Hurricane Hunting From Outer Space

Satellite image of hurrican Dorian

If you live in the right part of the world, you spend a lot of the year worried about hurricanes or — technically — tropical cyclones. These storms carry an amazing amount of power and can change your life. However, we are relatively spoiled these days compared to the past. It is hard to imagine, but there was a time when a hurricane’s arrival was something of a mystery. Sure, ships would report what they encountered, but finding exact data about a hurricane was a bit hit or miss. We often talk about space technology making life better. Weather forecasting — especially for tropical storms — is one place where money spent in space has made life much better on Earth.
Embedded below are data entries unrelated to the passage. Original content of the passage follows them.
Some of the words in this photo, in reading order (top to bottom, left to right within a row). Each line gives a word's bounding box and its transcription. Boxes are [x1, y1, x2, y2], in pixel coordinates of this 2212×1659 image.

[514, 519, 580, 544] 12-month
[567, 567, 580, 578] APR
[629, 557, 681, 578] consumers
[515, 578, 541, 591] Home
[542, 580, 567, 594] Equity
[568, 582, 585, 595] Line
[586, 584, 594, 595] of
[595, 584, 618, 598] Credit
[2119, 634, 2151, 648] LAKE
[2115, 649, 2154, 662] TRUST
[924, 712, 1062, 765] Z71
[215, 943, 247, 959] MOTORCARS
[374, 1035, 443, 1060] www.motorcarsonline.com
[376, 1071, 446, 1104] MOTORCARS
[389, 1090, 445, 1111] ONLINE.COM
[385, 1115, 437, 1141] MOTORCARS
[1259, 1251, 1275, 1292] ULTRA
The lack of data about storms can be fatal. The Great Galveston hurricane of 1900 took around 12,000 lives. It might have had a better outcome, but forecasters missed where the storm was heading, announcing that it would go from Cuba to Florida which was just totally wrong. Not that a forecaster couldn’t make a mistake today, but with aircraft and satellite coverage, you’d know very quickly that the prediction was wrong and you’d sound the alarm. In truth, the prediction models have become very good over the years, so the chances of this happening today are virtually nil in any event. But being able to precisely locate and track storms helps reduce the impact of the storm and also feeds data into the models that makes them even more accurate for the future.

Recon Aircraft

You’d think it would be a bit of a risk to fly a plane into a hurricane. You’d be right, although if you do it correctly and everything goes well, you stay out of the hurricane but — of course — things don’t always go well.

Duckworth
The first man to fly into a hurricane — at least, on purpose

On July 27, 1943, U.S. Army Air Forces Lt. Col. Joseph B. Duckworth who was an experienced instrument-rated commercial pilot in civilian life, decided to fly into the eye of a hurricane deliberately. He and a navigator found the eye of a storm near Houston and after identifying it, flew into it again with a meteorologist aboard.
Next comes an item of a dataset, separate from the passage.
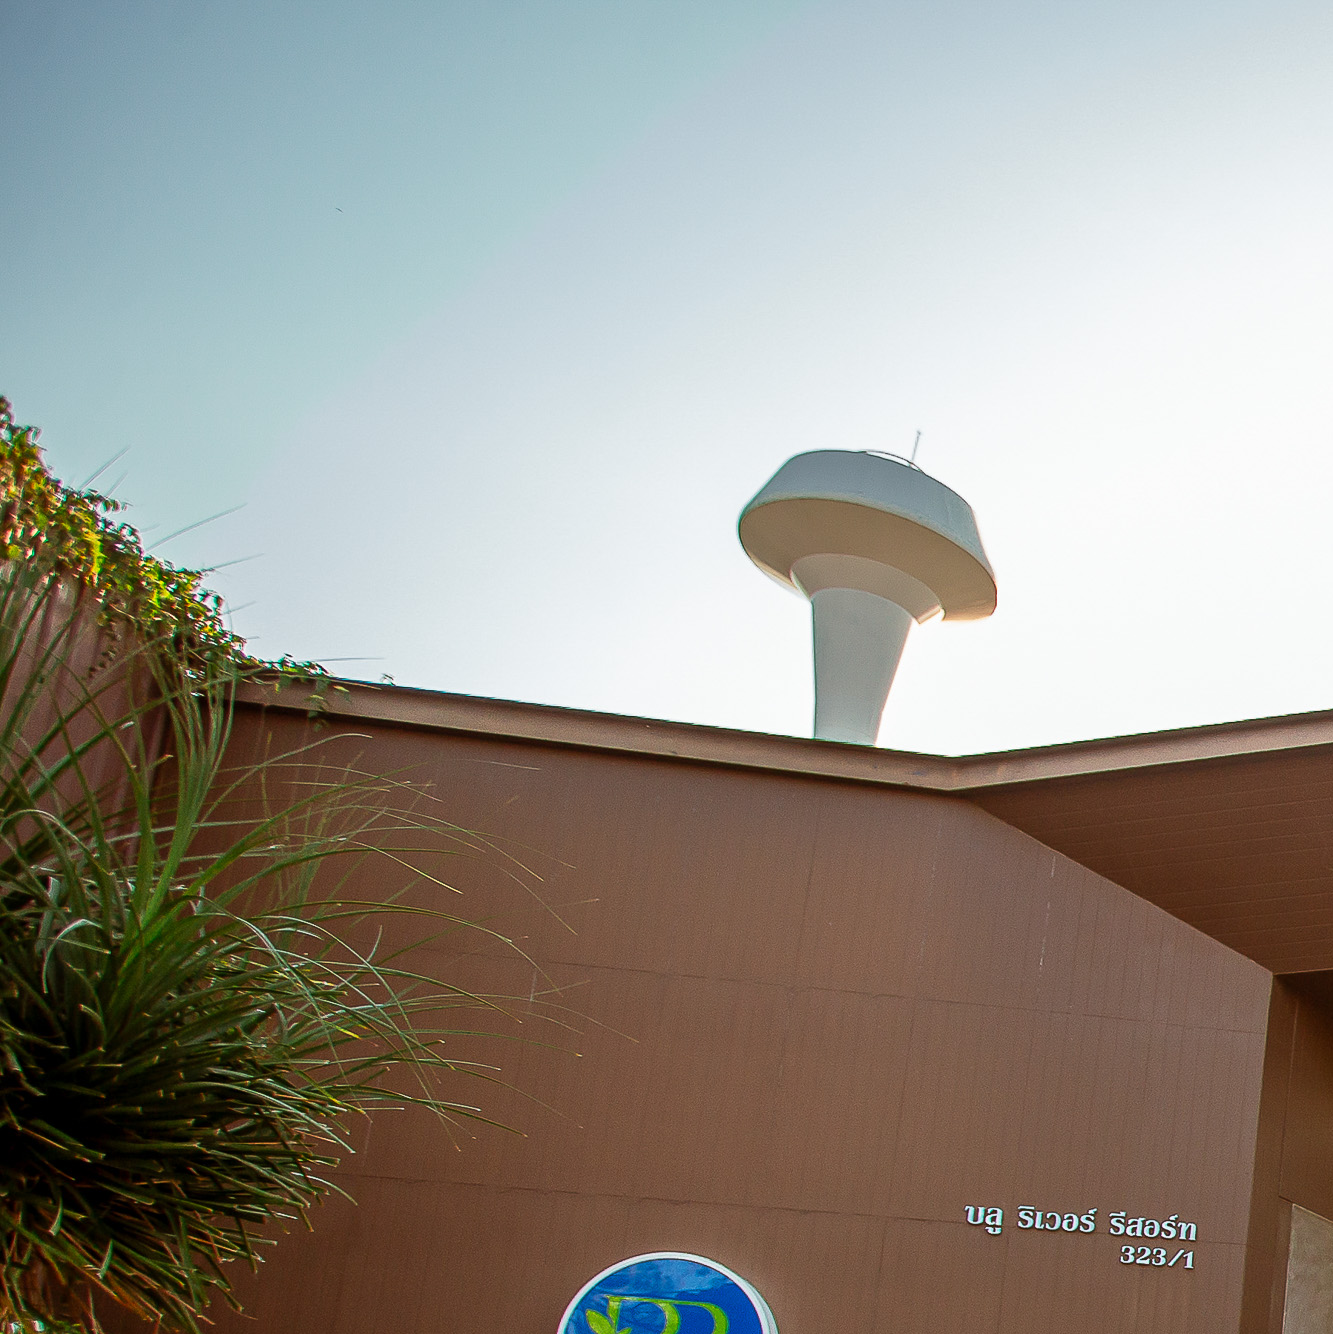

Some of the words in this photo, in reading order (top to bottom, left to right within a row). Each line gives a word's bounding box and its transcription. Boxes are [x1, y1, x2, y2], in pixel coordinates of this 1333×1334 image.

[964, 1205, 1003, 1235] บลู
[1017, 1205, 1098, 1233] ริเวอร์
[1109, 1211, 1198, 1242] รีสอร์ท
[1119, 1245, 1195, 1269] 323/1
The flight was unauthorized and possibly the result of a bet, but the data was useful enough that the service made more hurricane flights later that year and this began a long tradition of hurricane hunter flights.

Outer Space

Of course, in the space age, why do you need an airplane to get a view of a hurricane? The answer is, naturally, you don’t. We take it for granted today that satellites beam images of the Earth down, but that hasn’t always been the case. The Television Infrared Observation Satellite Program (TIROS) in the 1960s was a trailblazer for beaming down pictures of the Earth from space.

TIROS 3
The TIROS 3 satellite before launch

According to NASA, TIROS I was a technical marvel for its day:

The spacecraft was 42 inches in diameter, 19 inches high and weighed 270 pounds. The craft was made of aluminum alloy and stainless steel which was then covered by 9200 solar cells. The solar cells served to charge the on-board batteries. Three pairs of solid-propellant spin rockets were mounted on the base plate.
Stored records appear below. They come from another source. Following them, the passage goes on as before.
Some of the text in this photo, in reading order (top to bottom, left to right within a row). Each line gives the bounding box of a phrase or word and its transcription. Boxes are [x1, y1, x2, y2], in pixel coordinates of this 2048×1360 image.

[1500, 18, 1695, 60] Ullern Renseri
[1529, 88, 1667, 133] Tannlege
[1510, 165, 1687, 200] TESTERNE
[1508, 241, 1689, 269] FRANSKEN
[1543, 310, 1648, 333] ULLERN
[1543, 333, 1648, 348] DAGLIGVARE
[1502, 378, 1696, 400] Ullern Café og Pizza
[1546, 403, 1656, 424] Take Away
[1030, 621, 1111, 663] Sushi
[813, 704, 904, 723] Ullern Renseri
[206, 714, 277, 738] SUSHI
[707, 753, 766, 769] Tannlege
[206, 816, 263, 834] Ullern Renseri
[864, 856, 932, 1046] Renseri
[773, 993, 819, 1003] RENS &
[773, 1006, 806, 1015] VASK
Two television cameras were housed in the craft, one low-resolution and one high-resolution. A magnetic tape recorder for each camera was supplied for storing photographs while the satellite was out of range of the ground station network.

The antennas consisted of four rods from the base plate to serve as transmitters and one vertical rod from the center of the top plate to serve as a receiver.

The craft was spin-stabilized and space-oriented (not Earth-oriented). Therefore, the cameras were only operated while they were pointing at the Earth when that portion of the Earth was in sunlight.

The satellite was only operational for 78 days although the next similar satellite flew for over a year.

Hurricane_Esther
Hurricane Esther imaged from TIROS 3

However, it was TIROS 3 that would make hurricane history. In 1961 it found hurricane Esther. There had been pictures of storms from space before, but Esther was the first storm found by a satellite.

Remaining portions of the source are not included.